Your instructions: A picture-free, exact reproduction of the listing that follows is required.

Entries shown:
_ _ _ _

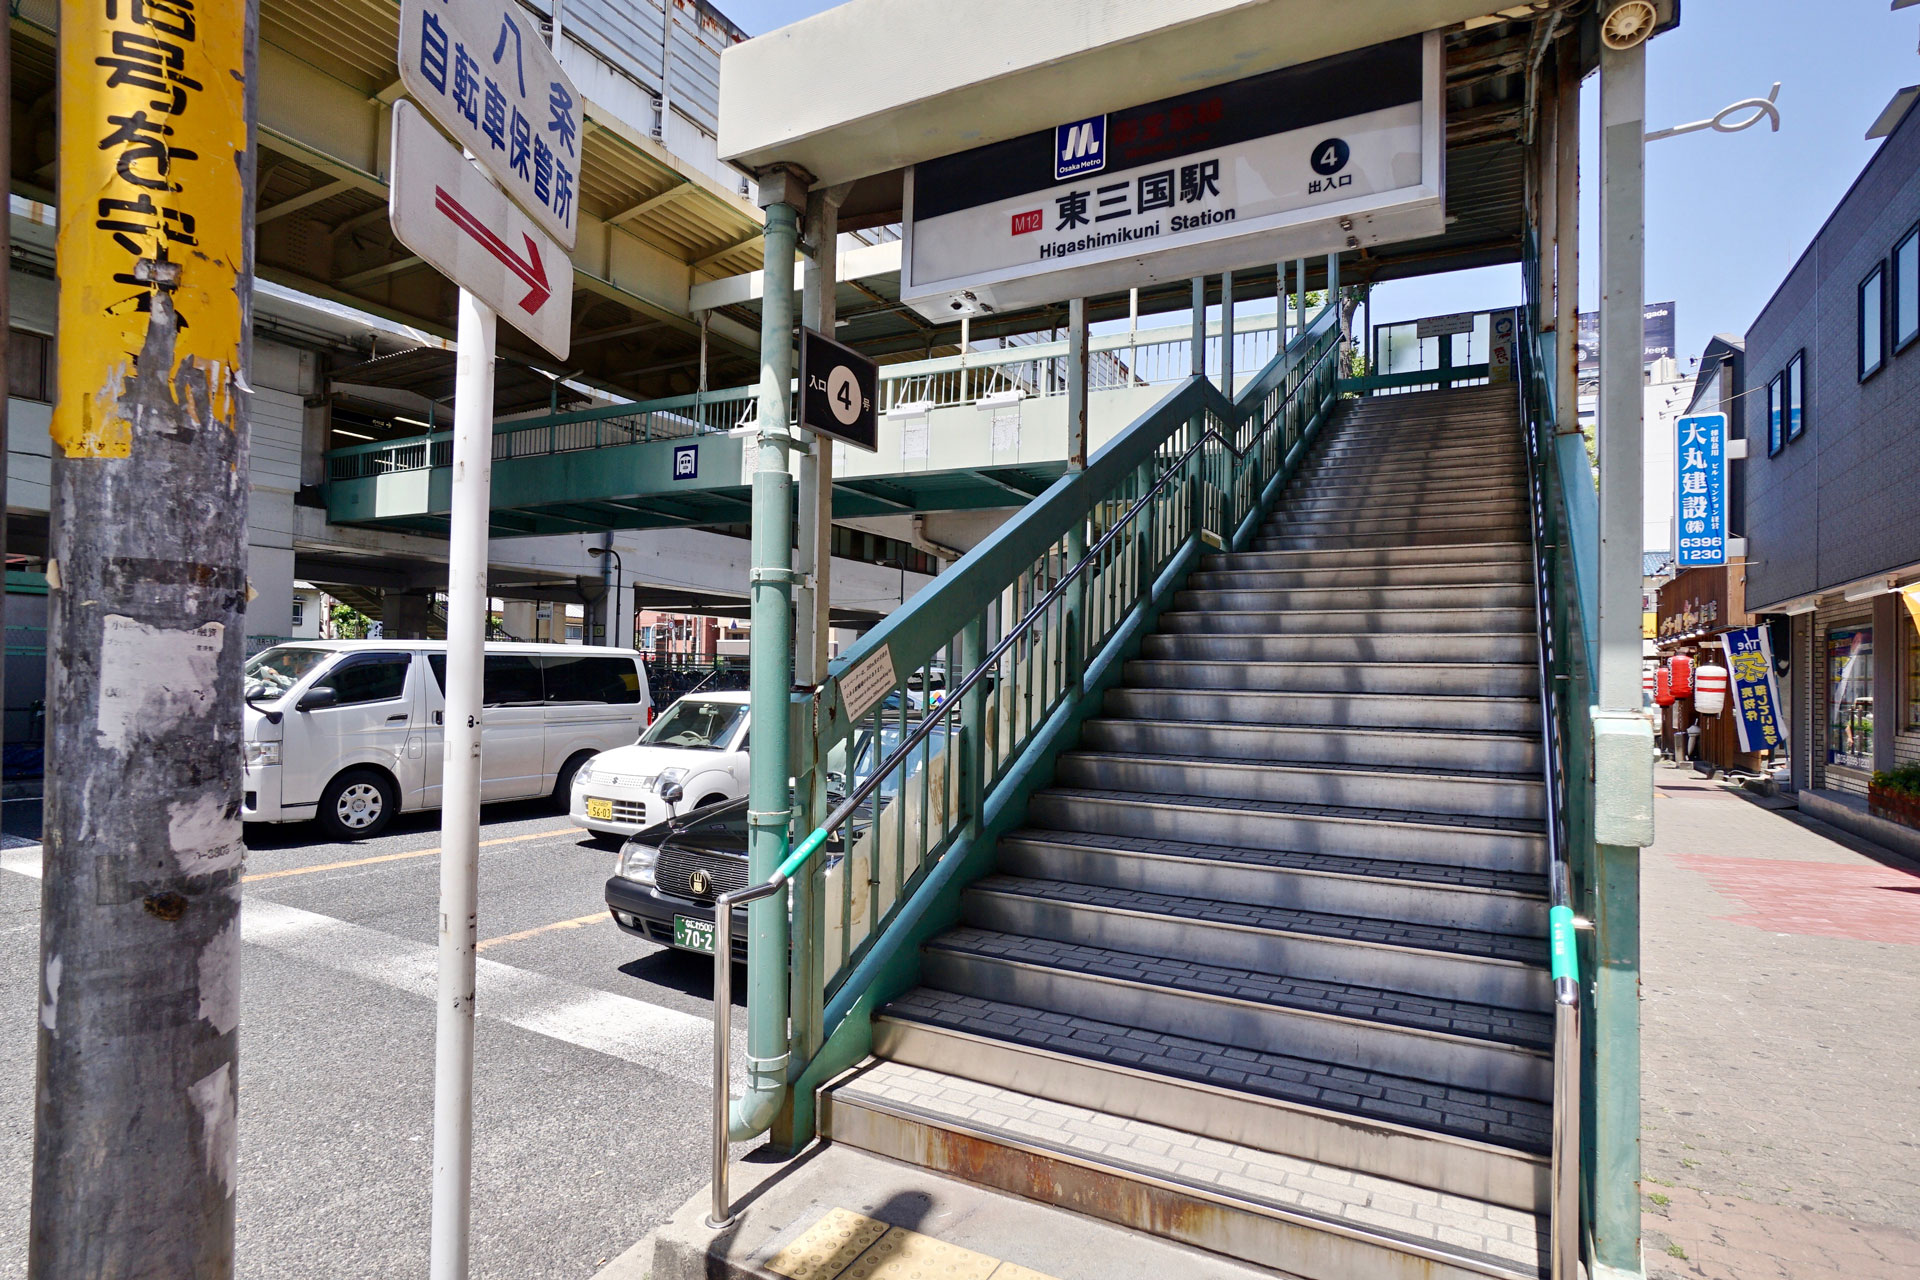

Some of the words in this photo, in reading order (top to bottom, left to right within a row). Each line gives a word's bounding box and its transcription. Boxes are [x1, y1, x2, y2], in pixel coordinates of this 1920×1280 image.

[420, 9, 573, 229] 自転車保管所
[1059, 163, 1080, 174] Osaka
[1081, 158, 1101, 169] Metro
[1320, 145, 1338, 167] 4
[1055, 158, 1220, 232] 東三国駅
[1308, 173, 1352, 195] 出入口
[1015, 213, 1040, 233] M12
[1040, 220, 1160, 259] Higashimikuni
[1170, 208, 1236, 232] Station
[809, 374, 827, 393] 入口
[837, 380, 852, 411] 4
[1680, 537, 1722, 548] 6396
[1682, 549, 1722, 560] 1230
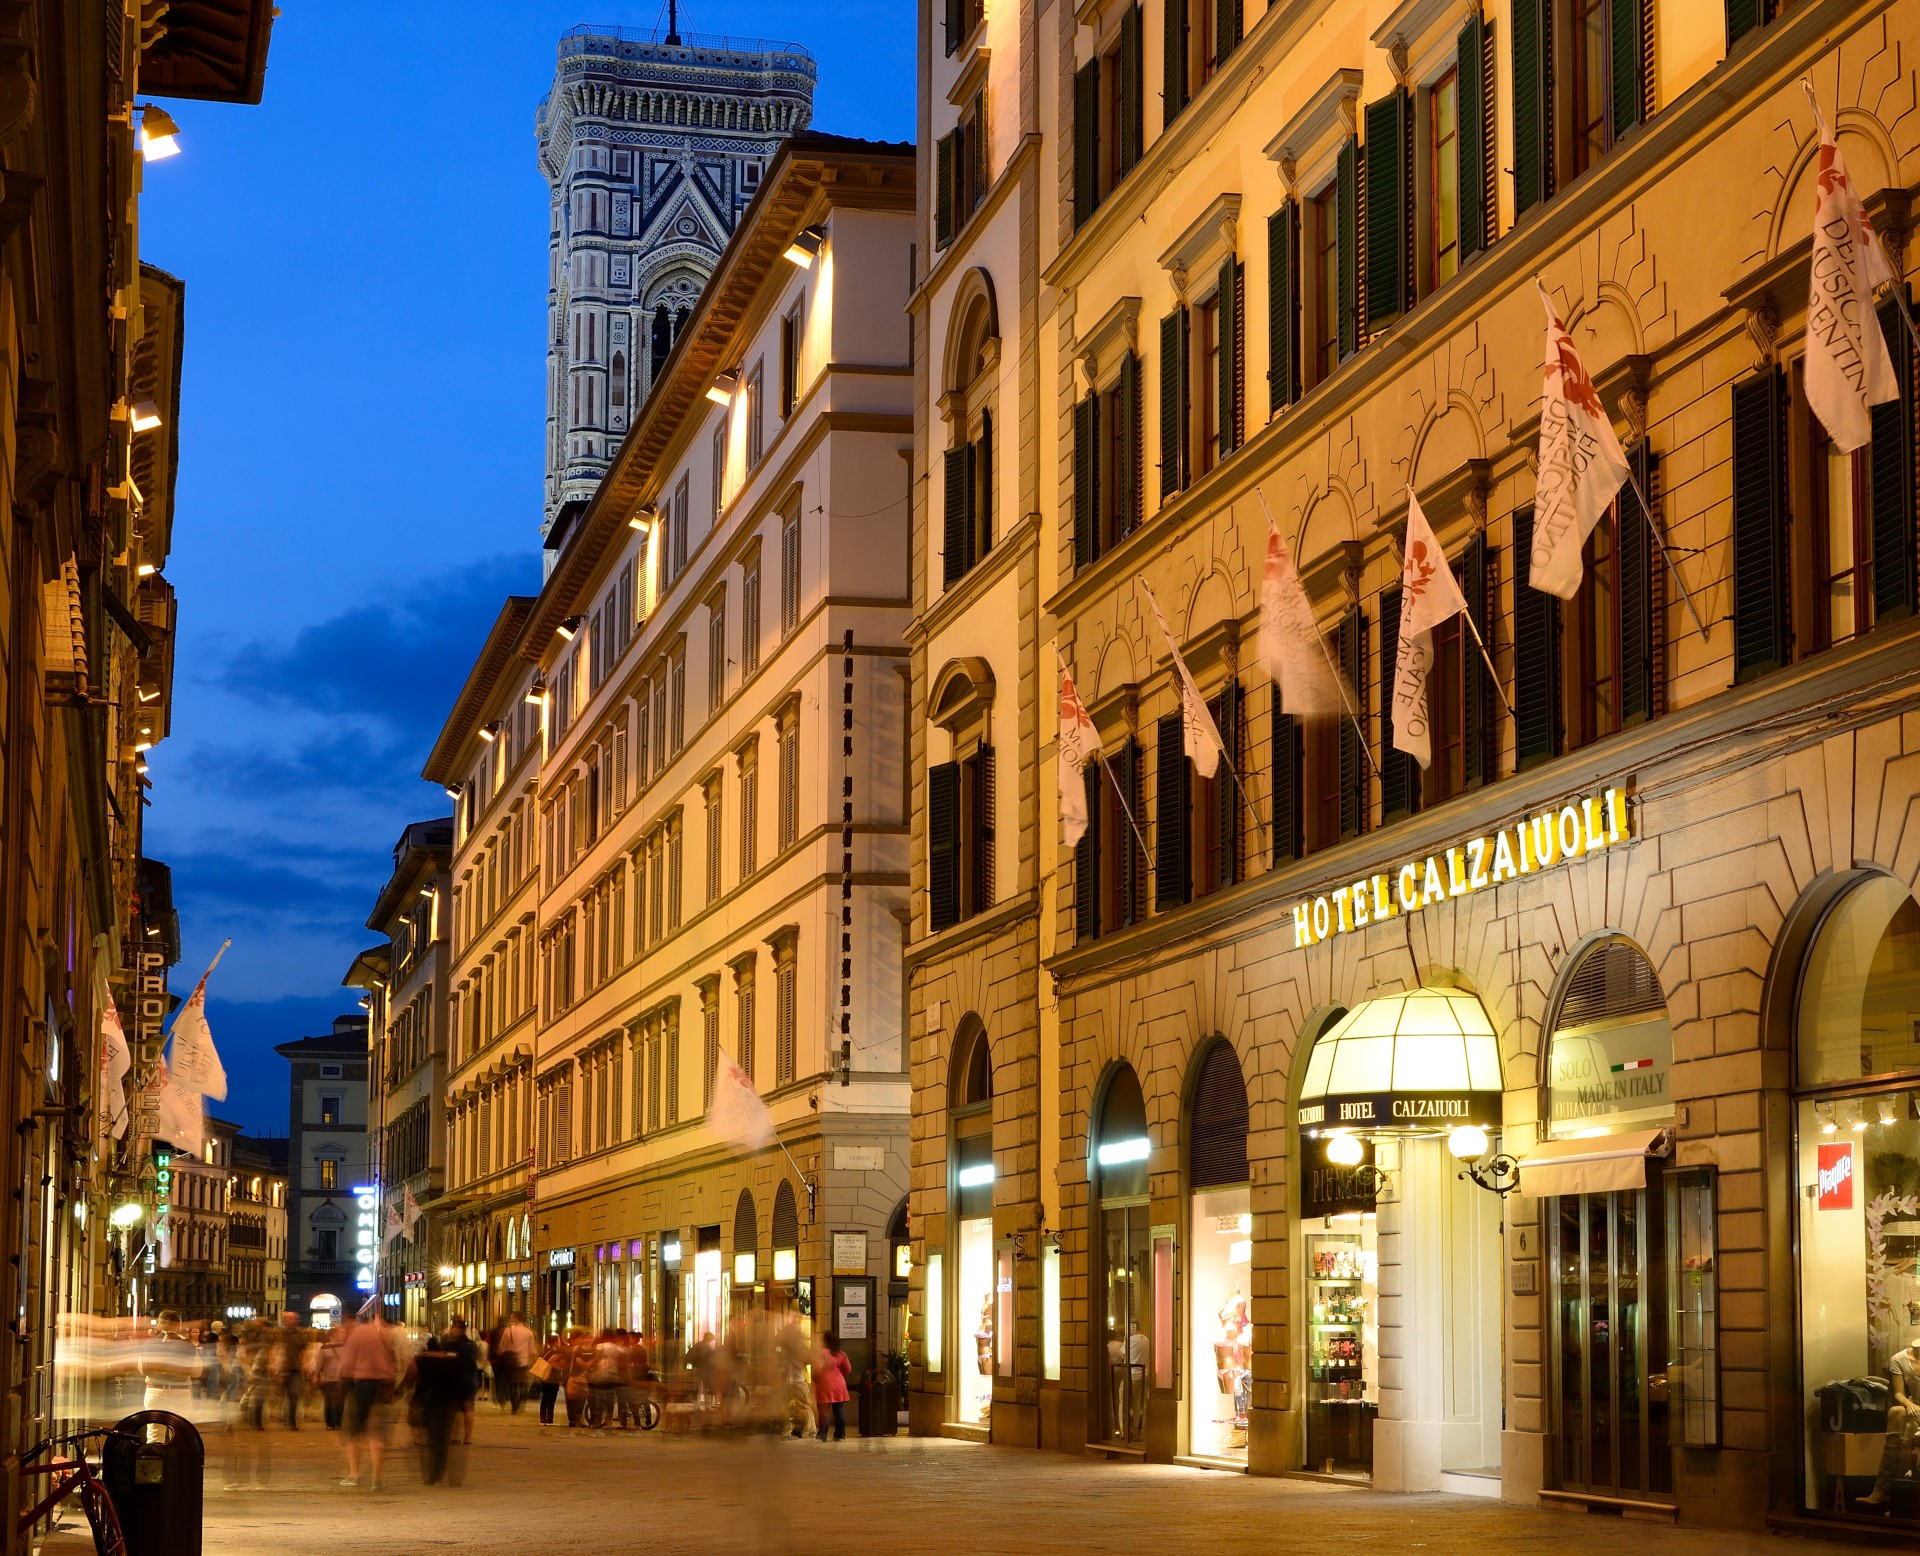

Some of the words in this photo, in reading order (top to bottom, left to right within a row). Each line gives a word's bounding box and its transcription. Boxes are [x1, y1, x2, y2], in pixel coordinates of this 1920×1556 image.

[1292, 873, 1399, 948] HOTEL
[1398, 787, 1631, 911] CALZAIUOLI
[138, 952, 164, 1181] PROFUMERIA
[1559, 1058, 1592, 1082] SOLO
[1577, 1081, 1612, 1105] MADE
[1613, 1077, 1629, 1100] IN
[1630, 1072, 1665, 1098] ITALY
[1339, 1101, 1376, 1120] HOTEL
[1392, 1100, 1470, 1118] CALZAIUOLI
[1818, 1154, 1851, 1199] Playlife
[357, 1194, 375, 1281] OMEGA
[1519, 1231, 1527, 1251] 6

_ _ _ _

Task output:
Some of the words in this photo, in reading order (top to bottom, left to right within a row). Each line gives a word's bounding box and its transcription. Boxes are [x1, y1, x2, y2], in pixel coordinates of this 1920×1280 image.

[420, 9, 573, 229] 自転車保管所
[1059, 163, 1080, 174] Osaka
[1081, 158, 1101, 169] Metro
[1320, 145, 1338, 167] 4
[1055, 158, 1220, 232] 東三国駅
[1308, 173, 1352, 195] 出入口
[1015, 213, 1040, 233] M12
[1040, 220, 1160, 259] Higashimikuni
[1170, 208, 1236, 232] Station
[809, 374, 827, 393] 入口
[837, 380, 852, 411] 4
[1680, 537, 1722, 548] 6396
[1682, 549, 1722, 560] 1230

Some of the words in this photo, in reading order (top to bottom, left to right within a row). Each line gives a word's bounding box and its transcription. Boxes are [x1, y1, x2, y2], in pixel coordinates of this 1920×1556 image.

[1292, 873, 1399, 948] HOTEL
[1398, 787, 1631, 911] CALZAIUOLI
[138, 952, 164, 1181] PROFUMERIA
[1559, 1058, 1592, 1082] SOLO
[1577, 1081, 1612, 1105] MADE
[1613, 1077, 1629, 1100] IN
[1630, 1072, 1665, 1098] ITALY
[1339, 1101, 1376, 1120] HOTEL
[1392, 1100, 1470, 1118] CALZAIUOLI
[1818, 1154, 1851, 1199] Playlife
[357, 1194, 375, 1281] OMEGA
[1519, 1231, 1527, 1251] 6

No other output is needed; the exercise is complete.